Crawlers Python (requests + BeautifulSoup) Each source has a dedicated crawler module. eBay uses the official Browse API.
Scheduling cron (inside container) Simple, no external dependencies.
Auth Flask-Login + bcrypt Session-based auth with hashed passwords. No OAuth dependencies.
Deployment Docker + Nginx reverse proxy Single-compose stack; Nginx handles SSL termination and static files.

Data pipeline

Data flows through four stages:

1. Crawl

Each source-specific crawler fetches raw listing HTML or JSON and writes to raw_html.

2. Extract

Parser modules extract structured fields (title, price, currency, condition, URL, image) from raw HTML.

3. Normalise

Prices converted to EUR; condition codes unified; titles translated to English via AI for cross-source matching.

4. Publish

Normalised observations written to staging_observations.

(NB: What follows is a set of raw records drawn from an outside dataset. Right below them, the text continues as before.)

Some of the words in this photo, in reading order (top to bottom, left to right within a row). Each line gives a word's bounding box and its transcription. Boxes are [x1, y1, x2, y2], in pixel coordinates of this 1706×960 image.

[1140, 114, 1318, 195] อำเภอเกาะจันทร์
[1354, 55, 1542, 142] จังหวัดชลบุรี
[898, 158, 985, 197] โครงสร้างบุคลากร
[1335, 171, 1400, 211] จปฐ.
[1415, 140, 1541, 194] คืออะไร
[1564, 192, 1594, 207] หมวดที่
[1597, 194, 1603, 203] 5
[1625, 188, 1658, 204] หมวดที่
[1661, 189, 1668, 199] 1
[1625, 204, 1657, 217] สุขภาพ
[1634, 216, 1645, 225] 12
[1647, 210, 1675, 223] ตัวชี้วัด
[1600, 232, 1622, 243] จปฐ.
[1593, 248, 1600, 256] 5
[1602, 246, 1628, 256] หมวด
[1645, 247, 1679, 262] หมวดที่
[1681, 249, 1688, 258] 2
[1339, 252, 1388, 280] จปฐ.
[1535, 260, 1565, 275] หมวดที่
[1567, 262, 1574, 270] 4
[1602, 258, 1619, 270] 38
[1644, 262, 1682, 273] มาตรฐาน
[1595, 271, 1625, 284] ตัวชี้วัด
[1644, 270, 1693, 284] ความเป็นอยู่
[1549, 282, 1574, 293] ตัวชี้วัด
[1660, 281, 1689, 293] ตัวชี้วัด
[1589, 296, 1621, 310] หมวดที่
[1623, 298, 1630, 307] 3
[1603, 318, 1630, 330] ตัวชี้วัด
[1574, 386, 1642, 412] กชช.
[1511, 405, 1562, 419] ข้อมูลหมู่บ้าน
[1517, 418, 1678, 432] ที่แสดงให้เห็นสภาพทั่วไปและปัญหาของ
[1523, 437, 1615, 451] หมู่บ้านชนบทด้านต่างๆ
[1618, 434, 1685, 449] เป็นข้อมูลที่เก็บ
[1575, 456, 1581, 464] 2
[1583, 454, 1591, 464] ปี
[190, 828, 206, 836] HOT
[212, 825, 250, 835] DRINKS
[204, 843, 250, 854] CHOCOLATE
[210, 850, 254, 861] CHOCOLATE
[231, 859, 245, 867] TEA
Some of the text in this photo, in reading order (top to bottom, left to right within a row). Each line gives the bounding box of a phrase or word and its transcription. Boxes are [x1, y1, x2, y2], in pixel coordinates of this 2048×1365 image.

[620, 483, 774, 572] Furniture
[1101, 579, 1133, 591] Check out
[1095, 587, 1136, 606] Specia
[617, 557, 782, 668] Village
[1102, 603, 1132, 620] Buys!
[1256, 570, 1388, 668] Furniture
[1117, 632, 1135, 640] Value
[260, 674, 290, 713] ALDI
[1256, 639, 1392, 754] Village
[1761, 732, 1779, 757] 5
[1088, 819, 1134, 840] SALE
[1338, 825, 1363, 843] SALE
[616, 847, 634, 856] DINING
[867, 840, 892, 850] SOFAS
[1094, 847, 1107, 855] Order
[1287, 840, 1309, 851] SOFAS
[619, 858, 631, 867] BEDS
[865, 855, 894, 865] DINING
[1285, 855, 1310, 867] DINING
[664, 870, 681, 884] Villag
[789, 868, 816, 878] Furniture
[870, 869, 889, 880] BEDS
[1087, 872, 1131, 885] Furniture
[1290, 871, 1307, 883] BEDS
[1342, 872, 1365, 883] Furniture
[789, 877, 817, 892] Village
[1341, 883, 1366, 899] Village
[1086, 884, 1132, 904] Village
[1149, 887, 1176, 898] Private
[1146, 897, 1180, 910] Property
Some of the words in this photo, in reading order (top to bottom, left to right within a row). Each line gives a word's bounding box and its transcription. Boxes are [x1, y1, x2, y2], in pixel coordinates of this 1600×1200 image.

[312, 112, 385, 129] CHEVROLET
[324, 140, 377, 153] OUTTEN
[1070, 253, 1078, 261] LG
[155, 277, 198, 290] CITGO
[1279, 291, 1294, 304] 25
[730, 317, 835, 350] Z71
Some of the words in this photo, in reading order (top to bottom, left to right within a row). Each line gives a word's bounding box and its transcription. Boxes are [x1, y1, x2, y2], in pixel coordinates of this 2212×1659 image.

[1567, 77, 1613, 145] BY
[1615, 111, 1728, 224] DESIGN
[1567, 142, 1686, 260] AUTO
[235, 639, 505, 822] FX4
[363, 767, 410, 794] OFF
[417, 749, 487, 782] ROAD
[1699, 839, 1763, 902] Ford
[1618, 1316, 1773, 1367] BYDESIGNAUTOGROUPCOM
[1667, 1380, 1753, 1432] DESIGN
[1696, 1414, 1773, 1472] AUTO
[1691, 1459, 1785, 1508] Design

Status set to active once all checks pass.

Key design decisions

Single SQLite file
Avoids the operational overhead of a server-based DB at this scale (~200k observations). Daily VACUUM keeps the file compact. Backups are a single cp.
Server-side image proxy
Hispasonic and Noiz block hotlinking via Referer checks. A lightweight /img/<obs_id> route fetches images server-side (no Referer header) and caches them in memory for 10 minutes.
No eBay images
eBay's ToS prohibit displaying their images outside their platform. Image URLs are nullified at ingest; listings link out to eBay directly.
CC BY 4.0 open data
All aggregated price data is published openly. The goal is a public resource, not a data moat.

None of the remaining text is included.